Austrian locomotive class

The ÖBB 2070 is a class of 90 shunting and light multipurpose four axle B'B' Diesel-hydraulic locomotive built for the Austrian Federal Railways by Vossloh at the MaK locomotive plant in Kiel, Germany.

Vossloh's type designation for the locomotive class is Vossloh G800 BB. A further 6 locomotives have been built and have been part of Vossloh locomotives leasing fleet.

== ÖBB 2070 ==
The ÖBB 2070 was ordered in November 1998 as the result of a competitive tender. Along with the ÖBB Class 2068 built by Jenbacher in the 1990s they were intended to replace old shunting machines on the railway. The acquisition of the locomotives was part of a plan to modernise the Austrian locomotive fleet, which included the purchase of the ÖBB 1016 "Taurus" and ÖBB 2016 "Hercules" locomotives in the first decade of the 21st century.
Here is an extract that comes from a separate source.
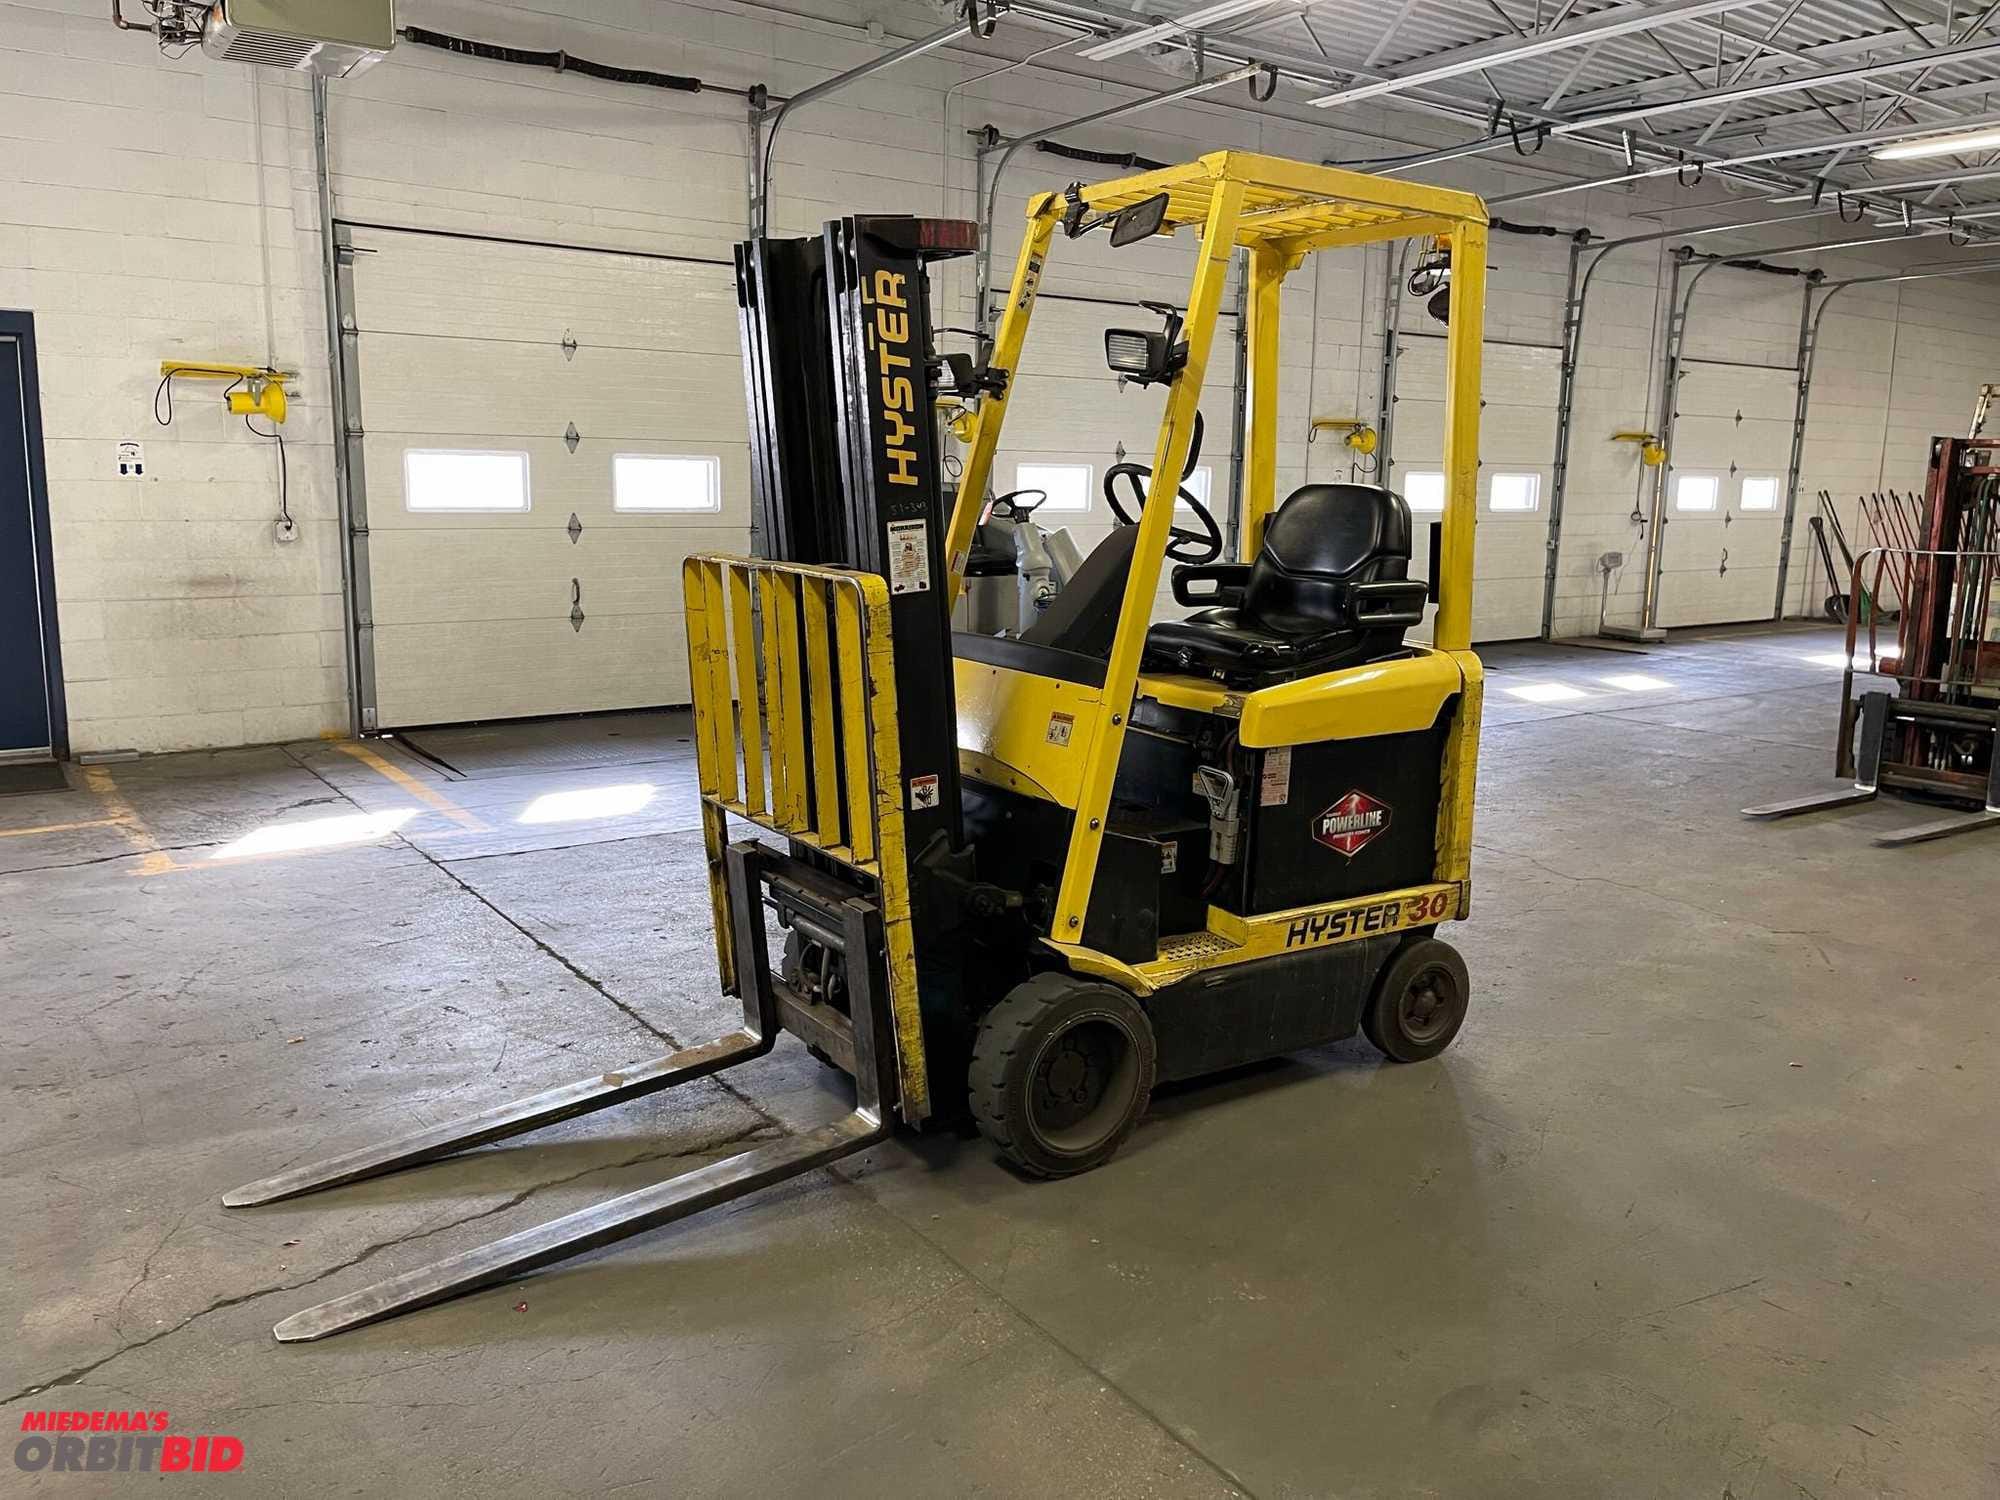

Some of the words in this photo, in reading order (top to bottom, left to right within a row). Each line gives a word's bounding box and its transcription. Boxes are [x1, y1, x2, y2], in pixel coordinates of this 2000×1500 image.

The locomotives are built to the standard MaK B'B' diesel hydraulic off-centre cab design as typified by the MaK G1206. ÖBB's locomotives have air conditioned cabs and can be operated in multiple. Remote control operation as well as automatic shunting couplings are also a standard feature of the ÖBB locomotives.

== Industrial use ==
6 locomotives were produced and leased by Vossloh to other companies; primarily industrial clients including BASF, BP, Chemion Logistik GmbH (formerly part of Bayer), Ruhr Oel and Thyssen Krupp, two of the locomotives were eventually sold to Lenzing AG in 2005 and 2008.

== Miniature models ==
Versions of the locomotives have been produced by Jagerndorfer, Liliput and Märklin/Trix in HO scale, and by Minitrix in N scale.

== See also ==
- Vossloh G1000 BB, locomotive design of 2002 of higher power and based on the ÖBB 2070 design.